WHAT NEEDS TO BE DONE
Could the entries below be reproduced exactly, with the images removed?

Images for object localization
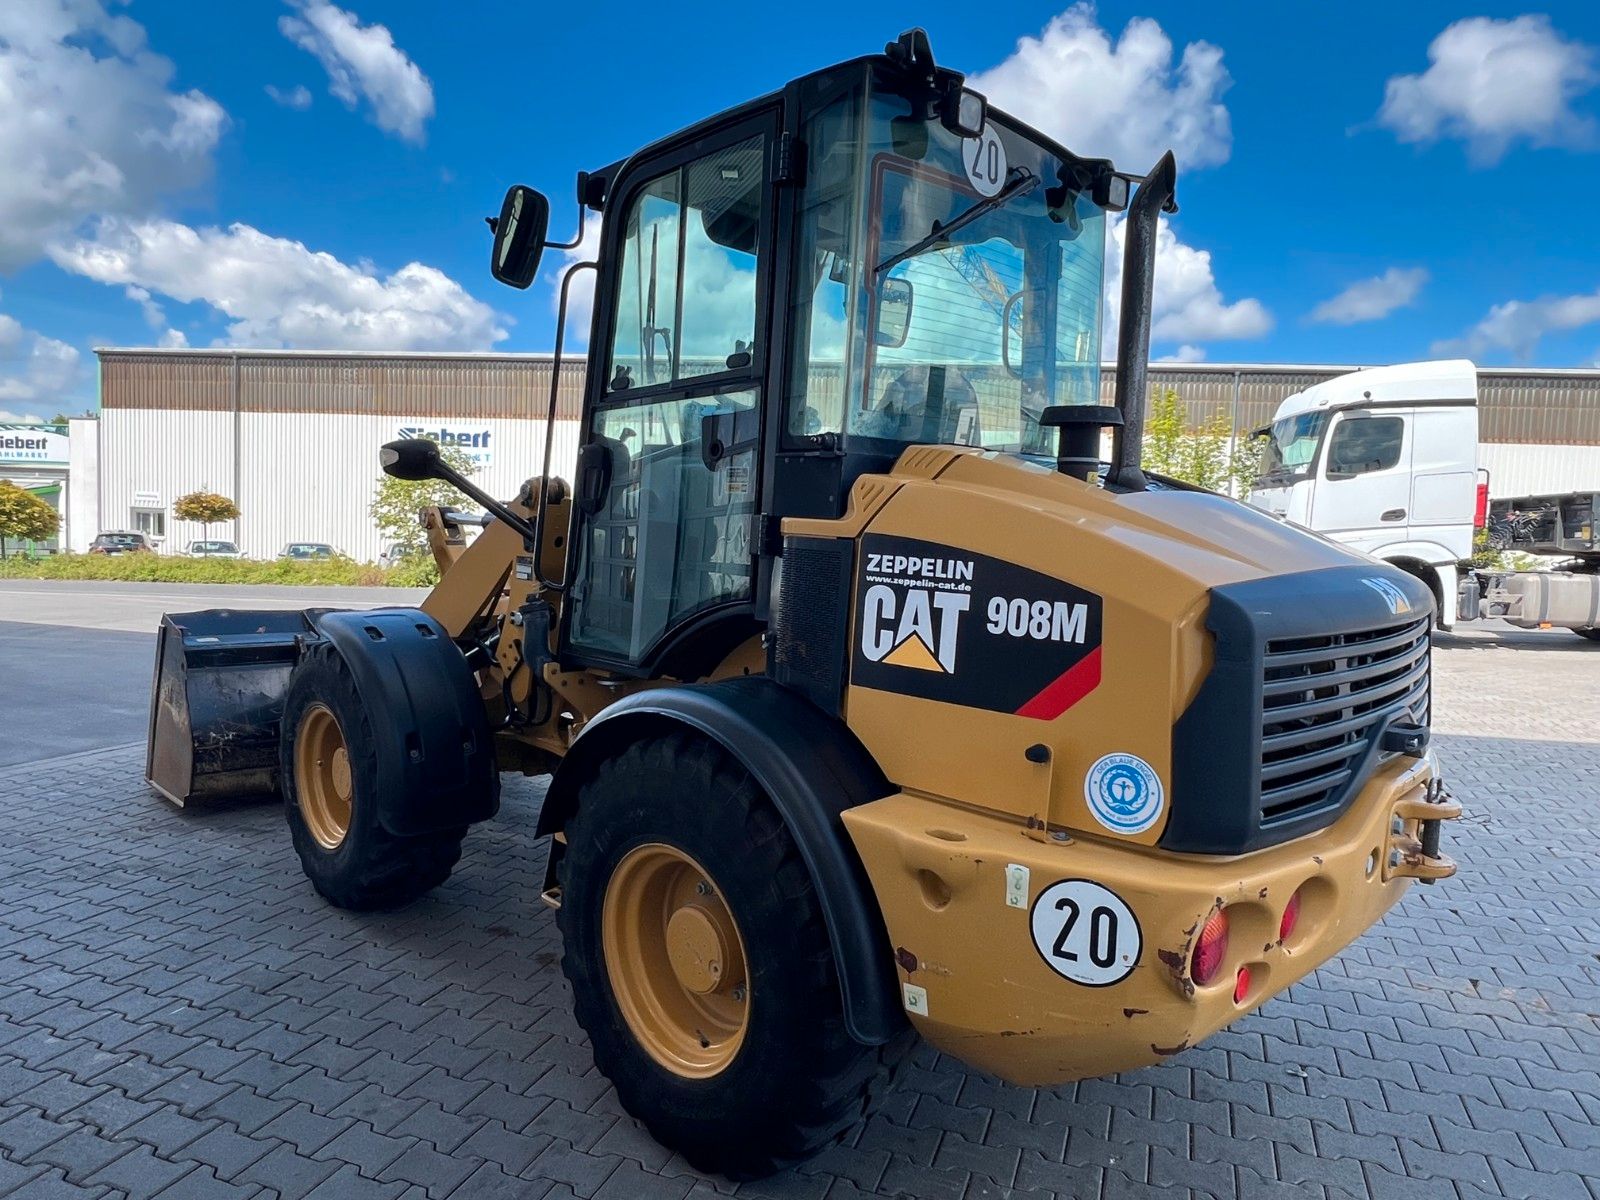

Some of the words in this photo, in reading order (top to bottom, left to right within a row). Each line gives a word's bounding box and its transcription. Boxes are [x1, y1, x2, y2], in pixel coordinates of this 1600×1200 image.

[972, 137, 998, 184] 20
[865, 574, 972, 592] www.zeppelin-cat.de
[866, 553, 975, 581] ZEPPELIN
[861, 584, 971, 675] CAT
[986, 596, 1088, 644] 908M
[1097, 761, 1110, 775] DER
[1135, 762, 1153, 783] ENGEL
[1052, 897, 1118, 969] 20

WRITTEN ANSWER
Some of the words in this photo, in reading order (top to bottom, left to right within a row). Each line gives a word's bounding box and its transcription. Boxes are [x1, y1, x2, y2], in pixel coordinates of this 1600×1200 image.

[972, 137, 998, 184] 20
[865, 574, 972, 592] www.zeppelin-cat.de
[866, 553, 975, 581] ZEPPELIN
[861, 584, 971, 675] CAT
[986, 596, 1088, 644] 908M
[1097, 761, 1110, 775] DER
[1135, 762, 1153, 783] ENGEL
[1052, 897, 1118, 969] 20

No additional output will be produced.